What to do — Without the pictures, give the listing below again exactly.

The data —
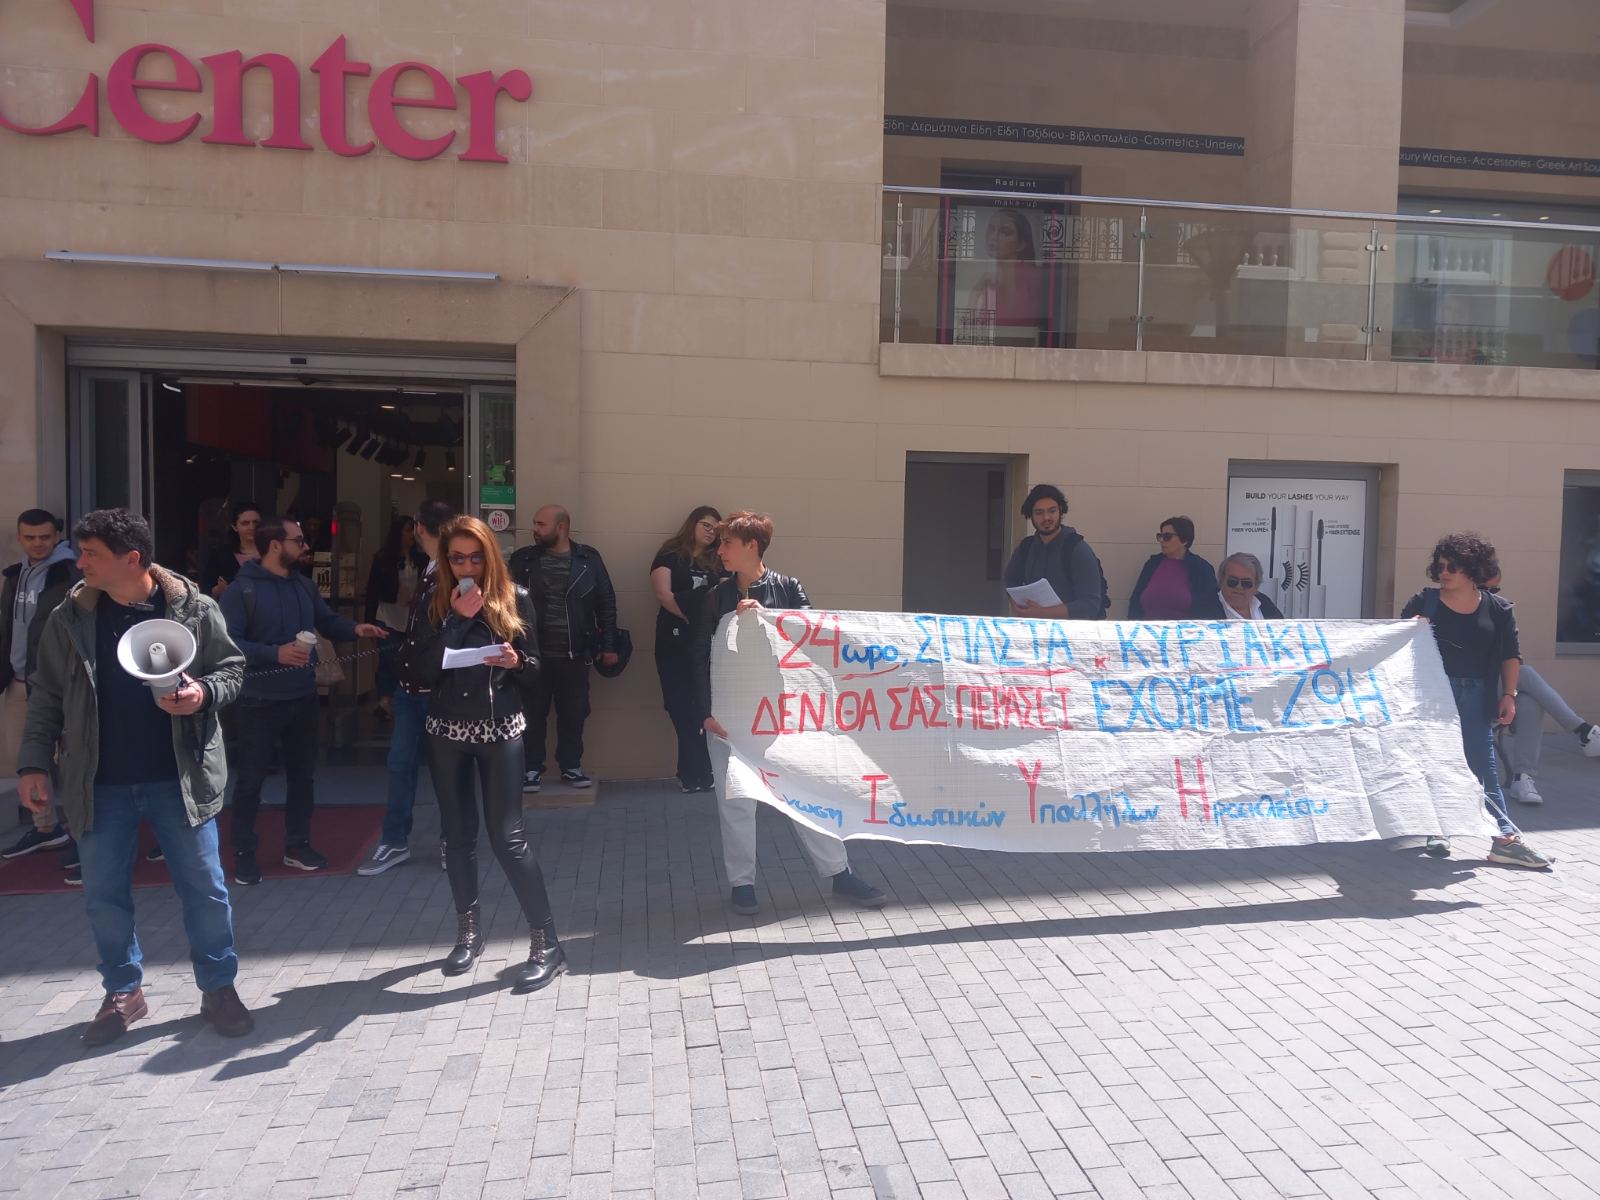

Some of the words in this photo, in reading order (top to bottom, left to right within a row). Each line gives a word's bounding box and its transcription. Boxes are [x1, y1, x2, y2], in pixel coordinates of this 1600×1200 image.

[995, 178, 1036, 188] Radiant
[1245, 492, 1266, 500] BUILD
[1268, 492, 1286, 500] YOUR
[1315, 493, 1333, 501] YOUR
[914, 615, 1074, 666] ΣΠΑΣΤΑ
[1115, 622, 1332, 669] ΚΥΡΙΑΚΗ
[751, 692, 826, 735] ΔΕΝ
[835, 688, 881, 732] ΘΑ
[886, 685, 951, 731] ΣΑΣ
[956, 684, 1074, 731] ΠΕΡΑΣΕΙ
[1091, 672, 1264, 735] ΕΧΟΥΜΕ

Exercise result —
Some of the words in this photo, in reading order (top to bottom, left to right within a row). Each line gives a word's bounding box and its transcription. Boxes are [x1, y1, x2, y2], in pixel coordinates of this 1600×1200 image.

[995, 178, 1036, 188] Radiant
[1245, 492, 1266, 500] BUILD
[1268, 492, 1286, 500] YOUR
[1315, 493, 1333, 501] YOUR
[914, 615, 1074, 666] ΣΠΑΣΤΑ
[1115, 622, 1332, 669] ΚΥΡΙΑΚΗ
[751, 692, 826, 735] ΔΕΝ
[835, 688, 881, 732] ΘΑ
[886, 685, 951, 731] ΣΑΣ
[956, 684, 1074, 731] ΠΕΡΑΣΕΙ
[1091, 672, 1264, 735] ΕΧΟΥΜΕ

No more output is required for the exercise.